The Federal Reserve will continue to support the economy, its chair, Jerome H. Powell, pledged at a Senate hearing, even as concerns about inflation rise.
The American economy remains far from healed and the Federal Reserve is in no hurry to dial back its support, Jerome H. Powell, the central bank’s chair, told lawmakers during a closely watched hearing on Tuesday.
It’s a pledge Mr. Powell has made many times in the last 11 months, but on Tuesday it came against a tense backdrop: As Democrats try to move a $1.9 trillion relief package through Congress, Republicans argue that it’s too big and could lead to inflation that would hurt consumers and businesses. Markets have also begun to quiver, as investors worry that an overheating economy will prompt the Fed to pull back on its efforts to bolster growth.
Speaking before the Senate Banking Committee, Mr. Powell declined to weigh in on the Biden administration’s spending plans but pushed back on the idea raised by multiple Republican senators that the economy is on the cusp of running too hot. The economy is down nearly 10 million jobs since last February, inflation has been too low rather than too high in recent decades, and prospects for a rapid recovery — while brighter — remain far from assured, he said.
“The economic recovery remains uneven and far from complete, and the path ahead is highly uncertain,” Mr. Powell said. “There is a long way to go.”
The Fed plans to hold interest rates near zero, where they have been since March, while continuing to buy government-backed bonds at a pace of $120 billion a month as it waits for the economy to heal. Investors have grown concerned that the Fed might slow those bond purchases sooner rather than later if inflation begins to rise.

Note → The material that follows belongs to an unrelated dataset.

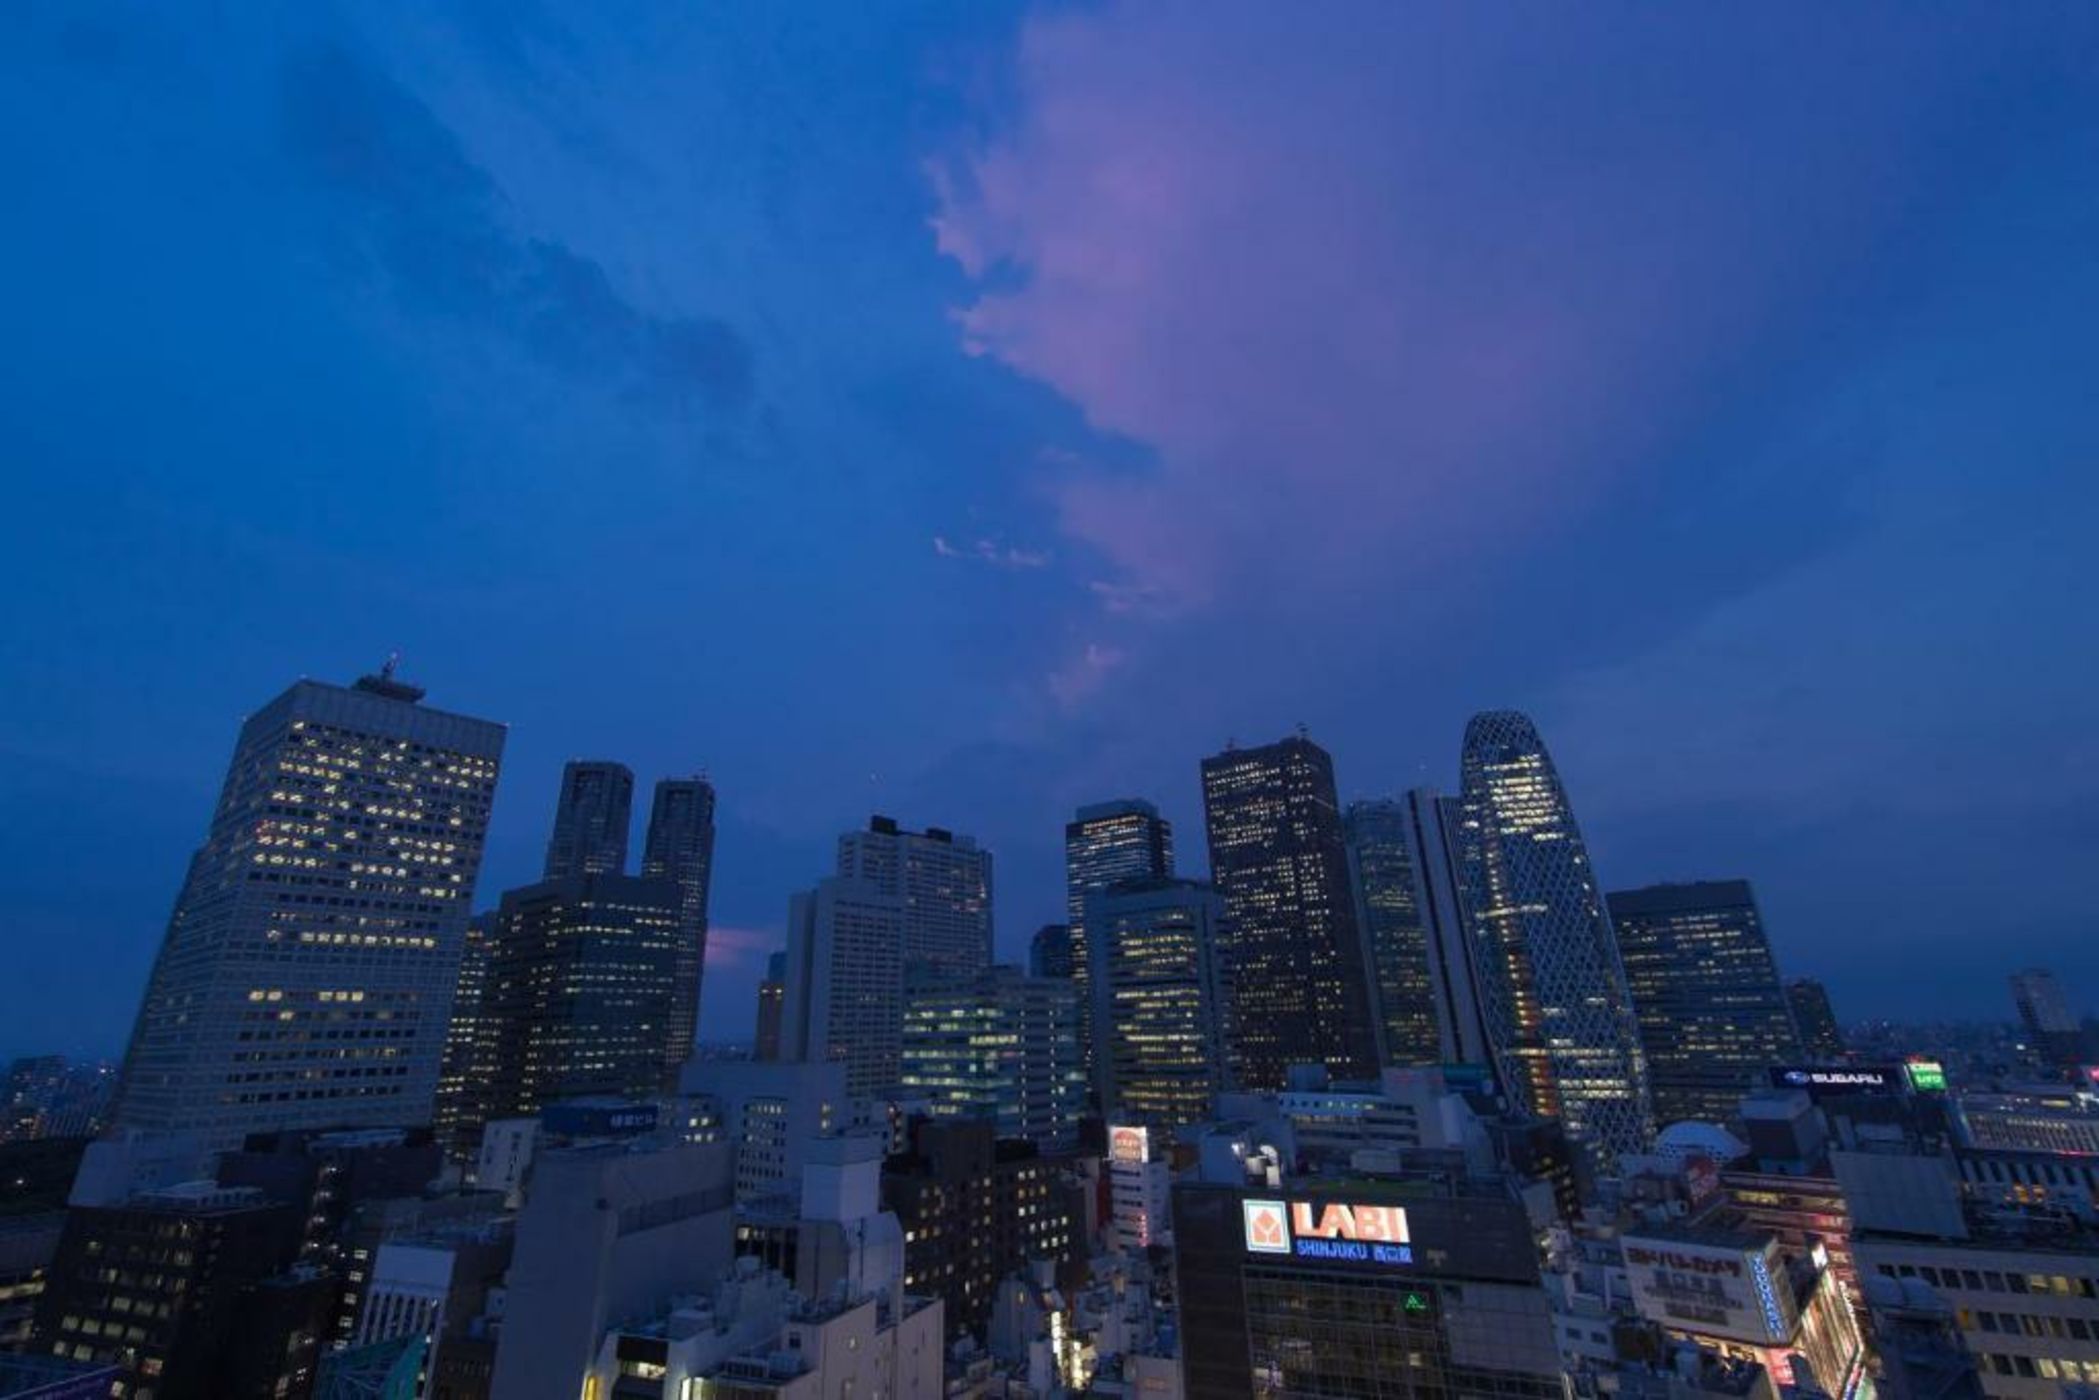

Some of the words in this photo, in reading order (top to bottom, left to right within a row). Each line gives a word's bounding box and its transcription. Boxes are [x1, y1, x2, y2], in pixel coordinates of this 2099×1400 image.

[1811, 1073, 1883, 1085] SUBARU
[1292, 1202, 1410, 1242] LABI
[1296, 1239, 1368, 1260] SHINJUKU

That worry is helping to push up interest rates on longer-term government debt; they rose to their highest point in a year this week. Those rates are the basis for corporate borrowings and mortgages, and their rise has set stock markets on edge as well.
But on Tuesday, Mr. Powell reiterated that the Fed plans to keep buying bonds until it sees “substantial further progress” toward its twin goals of full employment and stable inflation. America can “expect us to move carefully, and patiently, and with a lot of advance warning” when it comes to slowing that support, Mr. Powell said.

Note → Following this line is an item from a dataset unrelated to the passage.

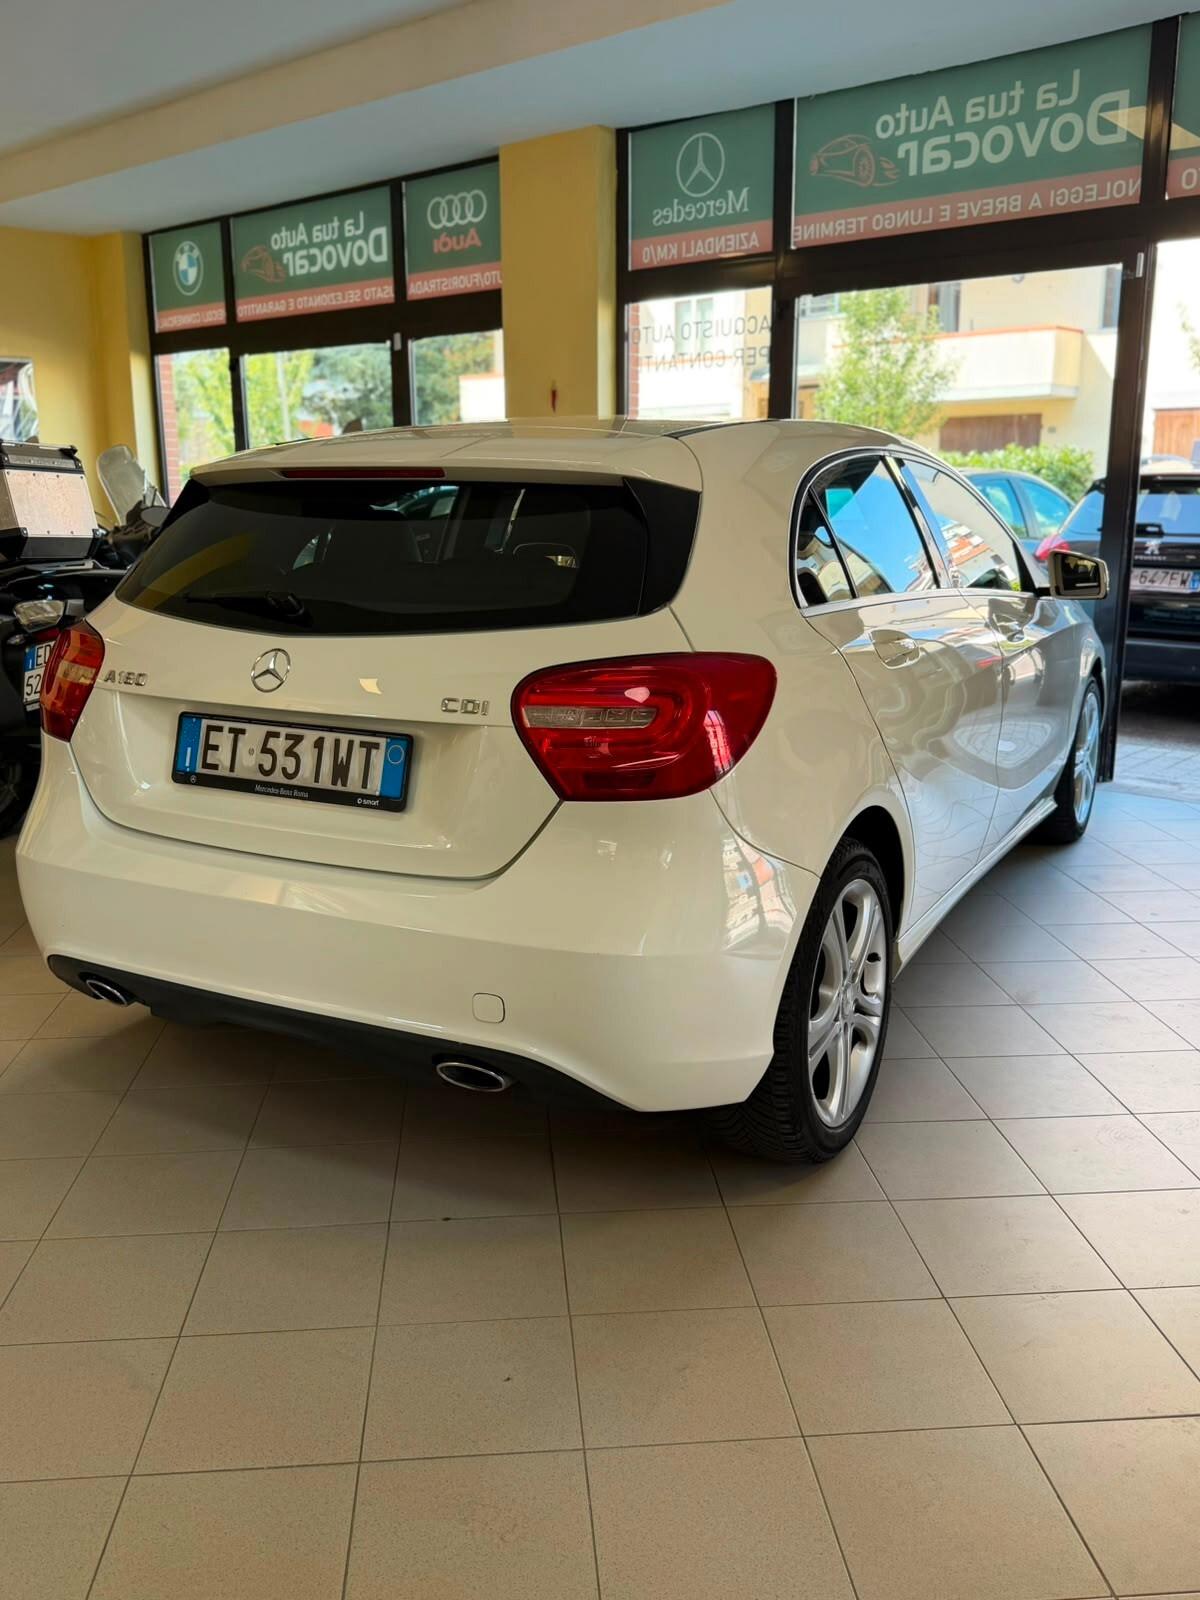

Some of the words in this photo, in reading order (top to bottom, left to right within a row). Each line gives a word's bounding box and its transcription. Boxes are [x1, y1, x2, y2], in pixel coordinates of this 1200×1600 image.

[441, 697, 489, 716] CDI
[202, 724, 247, 773] ET
[258, 731, 381, 790] 531WT
[362, 799, 379, 807] smart

The reassurance seemed to help. The S&P 500 closed higher on Tuesday, snapping back from a loss of nearly 2 percent earlier in the day and breaking a weeklong losing streak.
“We’re in one of these market mania moments, in which there’s an intense focus on inflation” and “he was very sanguine, very calm,” said Julia Coronado, founder of MacroPolicy Perspectives and a former Fed economist. “He kept turning attention back to the labor market.”

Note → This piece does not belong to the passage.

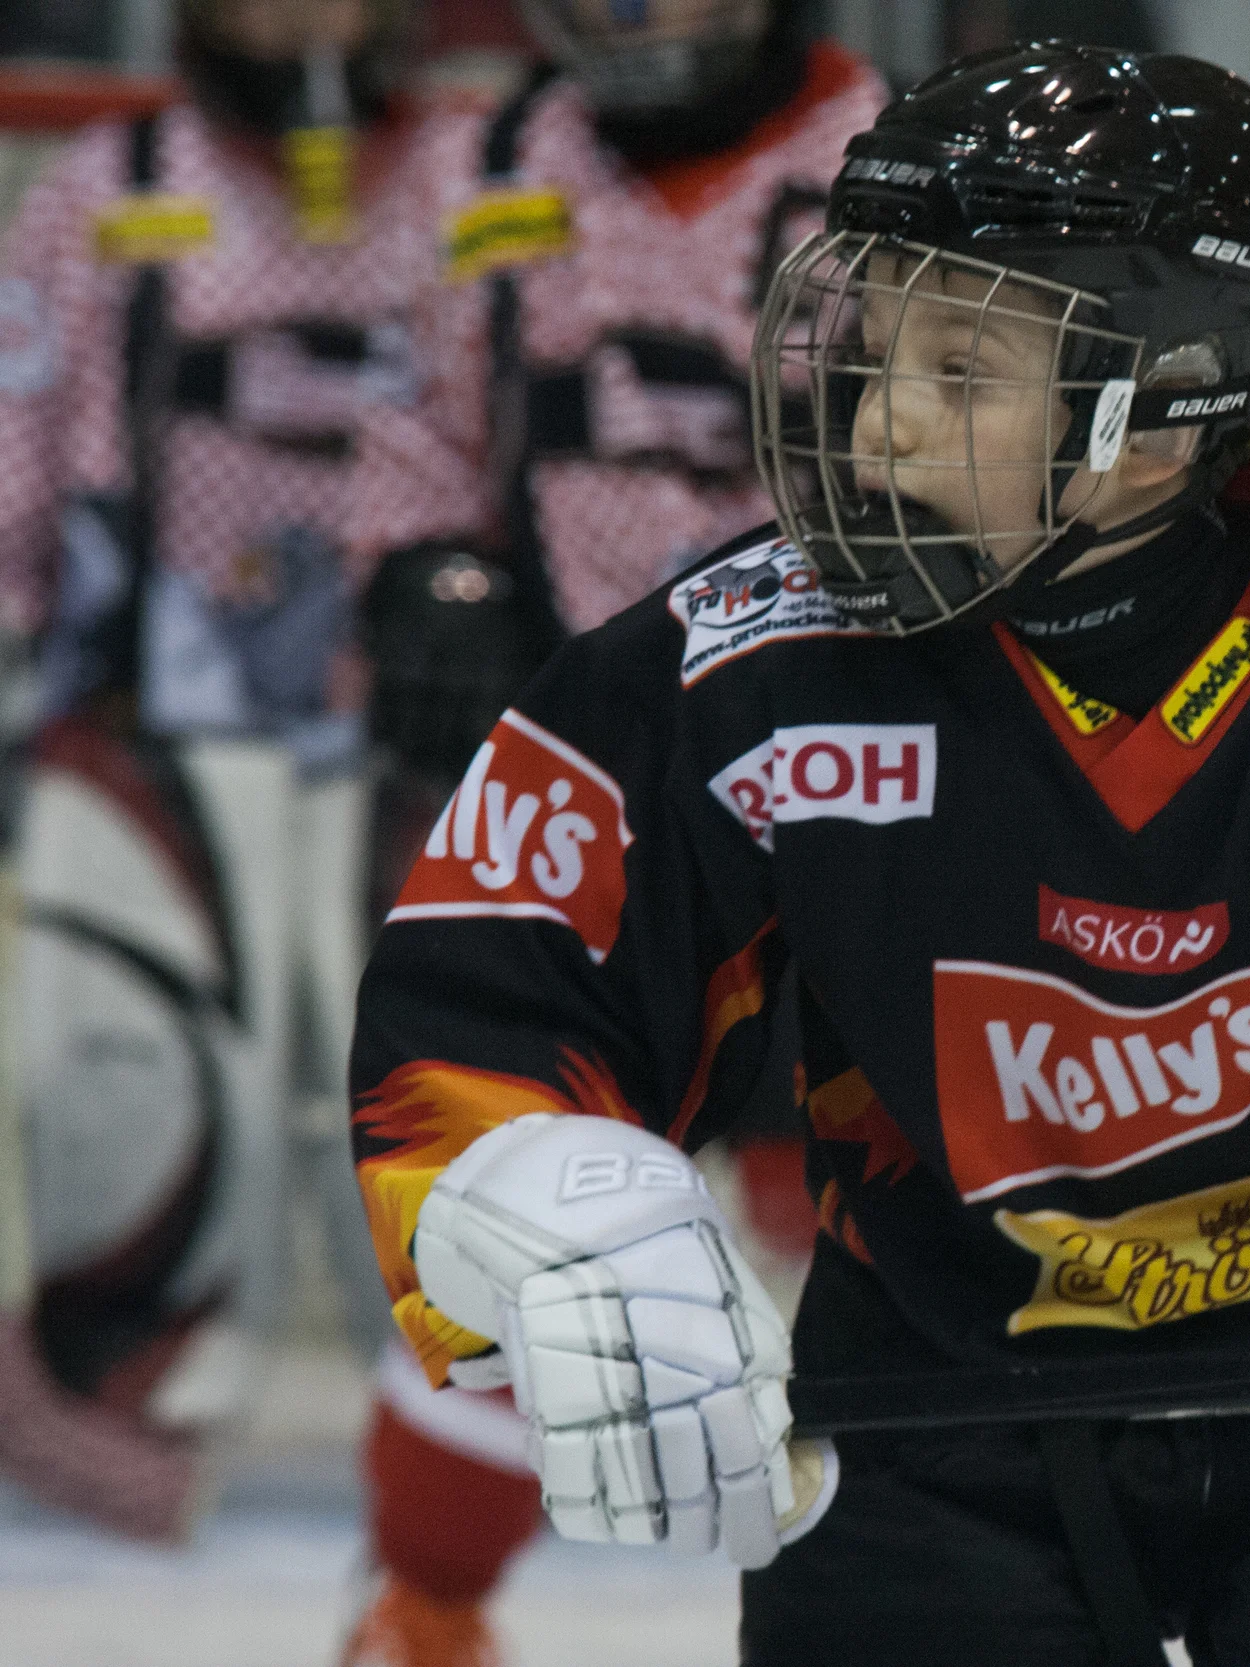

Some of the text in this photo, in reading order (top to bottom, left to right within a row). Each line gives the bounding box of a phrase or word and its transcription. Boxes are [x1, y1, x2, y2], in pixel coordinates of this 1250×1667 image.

[1166, 391, 1248, 419] BAUER
[424, 740, 597, 899] lly's
[1051, 906, 1165, 964] ASKÖ

Unemployment has come down sharply after surging last year, but the official unemployment rate remains nearly double its February 2020 level. And job losses have been more acute for members of minority groups and those with less education. Though spending has bounced back, activity in the service industry is still subdued.
Vaccines are feeding hopes for a stronger and more complete 2021 rebound. Prices are expected to rise temporarily in the coming months, both compared with the weak readings from last year and, potentially, as consumers spend down savings amassed during the lockdown on restaurant dinners and vacations.
But Fed officials have been clear that they do not expect inflation to pick up in a lasting way and that they plan to look past temporary increases when thinking about their policies. Price pressures have been stubbornly tepid, rather than too high, for decades and across many advanced economies.
Mr. Powell said on Tuesday that longer-running inflation trends do not “change on a dime” and that if prices start to rise in an alarming way, the Fed has the tools to fight that.
“I really do not expect that we’ll be in a situation where inflation rises to troubling levels,” Mr. Powell said. “This is not a problem for this time, as near as I can figure.”
He also pushed back on the idea that government spending is poised to send prices rocketing out of control.
“There perhaps once was a strong connection between budget deficits and inflation — there really hasn’t been lately,” Mr. Powell said. He noted that while he does expect inflation to jump around in coming months, there is a distinction between a temporary pop in prices and a sustained increase.
Still, he declined to weigh in on how much more government support is appropriate.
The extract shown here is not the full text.